AA. VV.
Perché non c’è più la stroncatura?

Partiamo dal presupposto – ma direi da una certezza, purtroppo – che quello che oggi ci viene proposto dall’editoria è una letteratura che fa cadere le braccia (poche pubblicazioni si salvano dal disgustare i lettori), sia che si tratti di volumi sia che si tratti di antologie. Ma il fatto più grave è la mancanza di stroncatura da parte dei critici, ma anche dei lettori. E non è soltanto colpa del “politicamente corretto”, ma di una certa “ignoranza” sia da parte del critico sia da parte del lettore. E intanto la letteratura, con queste premesse, è arrivata ad offendere se stessa.
Ma che cos’è una stroncatura? A parte un piatto tipico della cucina calabrese, originario di Gioia Tauro (una pasta realizzata con i residui di farina e crusca della molitura del grano, con l’immancabile nduja), è critica molto dura e severa di un’opera d’arte, di un libro, di una rappresentazione, etc. Ed è un genere letterario nato con la letteratura, ovvero dal momento in cui i libri incominciarono a invadere il mondo, grazie anche a Giuseppe Baretti, il capostipite delle stroncature rivolte ai letterati suoi contemporanei o del passato, firmandole con lo pseudonimo Aristarco Scannabue, tra il 1763 e il 1765, sul quindicinale «Frusta Letteraria», da egli stesso fondato a Venezia nel 1763, diretto e quasi interamente scritto. È pur vero che non sempre sono tutte positive (ma qui vorrei ricordare quella intelligente, quella che stronca sia gli sconosciuti sia i famosi, no quella messa in atto per asfaltare gli avversari, sia ben chiaro questo) o come sostiene Giovanni Papini, non ha molto a che fare con la critica letteraria, che pure la praticava la stroncatura, arrivando a liquidare Benedetto Croce, sia pure furbescamente. Ma Papini, si sa, è singolare e contraddittorio nel panorama della letteratura italiana.
Dicevamo: che cos’è una stroncatura e perché oggi sembra scomparsa dalle mansioni di un critico? Le risposte, a ben guardare, sarebbero multiple e “insufficienti”; quello che va sottolineato non è tanto una mancanza di coraggio nel dire le cose come stanno ma stare attenti a non inimicarsi nessuno. Lo spunto per questa discussione-dibattito inserita in questo nuovo numero di «Frequenze Poetiche», ce lo fornisce un post di Marco Melillo che si domanda se si può apostrofare un volume regalato una noia mortale: «Non si può dire – vero? – che l’ultimo libro che mi sia stato regalato è di una noia mortale? (È poi anche banale dirlo così, ma uno studio ripiegato su di sé, che produce un “quasi immoto” in poesia, cosa comunica? Cosa dice davvero?)
Come siamo finiti così? Perché da nessuna parte si può leggere “questo libro è brutto, pensato male e scritto peggio”, perché?
Perché non possiamo rivendicare la libertà di una opinione autentica?
Perché furoreggia la mediocrità? Perché viene premiata?
Forse sono io a prendere sul serio la Poesia, lo ammetto. Ma lodi sperticate a certi “parti letterari” non mi fanno più sorridere».

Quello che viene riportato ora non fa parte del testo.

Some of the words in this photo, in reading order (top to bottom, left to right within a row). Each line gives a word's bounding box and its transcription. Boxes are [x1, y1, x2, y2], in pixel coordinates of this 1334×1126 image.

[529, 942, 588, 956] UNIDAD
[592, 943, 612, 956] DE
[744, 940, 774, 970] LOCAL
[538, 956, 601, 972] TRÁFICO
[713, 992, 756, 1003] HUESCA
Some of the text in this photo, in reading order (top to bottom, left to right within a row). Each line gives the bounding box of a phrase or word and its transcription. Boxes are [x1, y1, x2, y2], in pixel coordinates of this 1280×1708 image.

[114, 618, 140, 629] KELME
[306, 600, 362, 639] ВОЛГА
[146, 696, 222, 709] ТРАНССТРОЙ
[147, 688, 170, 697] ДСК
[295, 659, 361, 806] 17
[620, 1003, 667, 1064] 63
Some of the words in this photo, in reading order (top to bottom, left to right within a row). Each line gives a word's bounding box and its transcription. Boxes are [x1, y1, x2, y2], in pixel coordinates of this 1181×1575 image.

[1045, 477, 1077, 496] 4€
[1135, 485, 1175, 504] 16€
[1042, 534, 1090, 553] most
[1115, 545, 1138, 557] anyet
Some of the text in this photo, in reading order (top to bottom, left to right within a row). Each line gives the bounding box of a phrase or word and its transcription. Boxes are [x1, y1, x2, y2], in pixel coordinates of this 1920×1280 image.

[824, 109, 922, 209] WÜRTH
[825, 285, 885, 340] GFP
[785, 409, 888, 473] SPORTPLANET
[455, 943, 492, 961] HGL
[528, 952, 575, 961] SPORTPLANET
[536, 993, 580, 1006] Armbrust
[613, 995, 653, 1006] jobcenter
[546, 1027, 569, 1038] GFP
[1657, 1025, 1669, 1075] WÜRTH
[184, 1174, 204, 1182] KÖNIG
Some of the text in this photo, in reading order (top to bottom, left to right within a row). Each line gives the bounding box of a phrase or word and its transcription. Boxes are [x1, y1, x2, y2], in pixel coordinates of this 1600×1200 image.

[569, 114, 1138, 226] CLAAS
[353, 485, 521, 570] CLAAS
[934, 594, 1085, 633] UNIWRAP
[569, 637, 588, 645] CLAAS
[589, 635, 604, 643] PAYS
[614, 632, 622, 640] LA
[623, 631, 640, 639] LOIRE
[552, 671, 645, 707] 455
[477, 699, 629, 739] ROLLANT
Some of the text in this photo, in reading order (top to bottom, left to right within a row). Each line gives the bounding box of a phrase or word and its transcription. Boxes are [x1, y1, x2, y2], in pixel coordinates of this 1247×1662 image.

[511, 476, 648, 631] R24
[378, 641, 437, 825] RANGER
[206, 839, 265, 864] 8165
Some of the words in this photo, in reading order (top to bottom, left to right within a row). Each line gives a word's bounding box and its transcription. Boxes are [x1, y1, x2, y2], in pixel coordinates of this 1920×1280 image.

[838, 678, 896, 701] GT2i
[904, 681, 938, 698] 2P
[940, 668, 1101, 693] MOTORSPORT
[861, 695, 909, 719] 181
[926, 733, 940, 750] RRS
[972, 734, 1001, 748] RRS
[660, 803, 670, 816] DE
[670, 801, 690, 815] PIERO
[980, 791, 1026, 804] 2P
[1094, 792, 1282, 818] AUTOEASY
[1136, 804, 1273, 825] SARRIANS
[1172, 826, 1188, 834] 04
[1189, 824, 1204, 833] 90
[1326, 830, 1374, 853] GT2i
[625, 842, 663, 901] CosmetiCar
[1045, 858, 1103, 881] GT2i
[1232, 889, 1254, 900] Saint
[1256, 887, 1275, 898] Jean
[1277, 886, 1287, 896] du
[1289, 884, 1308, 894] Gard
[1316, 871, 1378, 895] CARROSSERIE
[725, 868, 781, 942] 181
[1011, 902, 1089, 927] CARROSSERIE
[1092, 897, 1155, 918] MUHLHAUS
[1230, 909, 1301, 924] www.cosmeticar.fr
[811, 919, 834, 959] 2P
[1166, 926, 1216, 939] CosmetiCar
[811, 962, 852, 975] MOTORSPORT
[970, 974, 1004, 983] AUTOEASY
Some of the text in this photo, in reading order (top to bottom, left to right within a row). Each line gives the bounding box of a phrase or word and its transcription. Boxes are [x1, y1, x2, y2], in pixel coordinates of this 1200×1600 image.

(Qui, come per le precedenti discussioni, pubblichiamo quasi tutte le risposte al post di Melillo apparso sulla sua pagina facebook).


Domenico Setola – Quante belle e giuste domande. Il problema sta nel fatto che ognuno si “inventa” una sua risposta.
E in “quell’ognuno” c’è chi, in base a quali criteri, sulla base di quali strutture, in base a quale prospettiva, per quali interessi. Etc.
Come vedi le tue domande sollecitano in me altre domande.

Marco Melillo – Non lo so, amiche e amici. Forse avrei dovuto premettere “parole di un lettore forte”. Ma poi mi pare le presunte polemiche qui nascano e si spengano. Forse siamo troppo compromessi.

Domenico Setola – Lo credo anche io, dunque bisogna eliminare ogni tipo di compromesso.
Le tue domande sono più che giuste oltre che legittime.
Un abbraccio, Marco.

Simone Migliazza – Il punto è, di quale libro stai parlando?
Tacerne il titolo equivale ad abbracciare un certo status quo… È chiaro che scriverlo comporterebbe una serie di conseguenze. Valutare l’importanza di queste ultime è già una presa di posizione…
Questo per dire che in fondo la risposta ce l’hai: tutto ciò che ti ha portato ad omettere il titolo è ciò che agisce a livello generale e di cui siamo parte.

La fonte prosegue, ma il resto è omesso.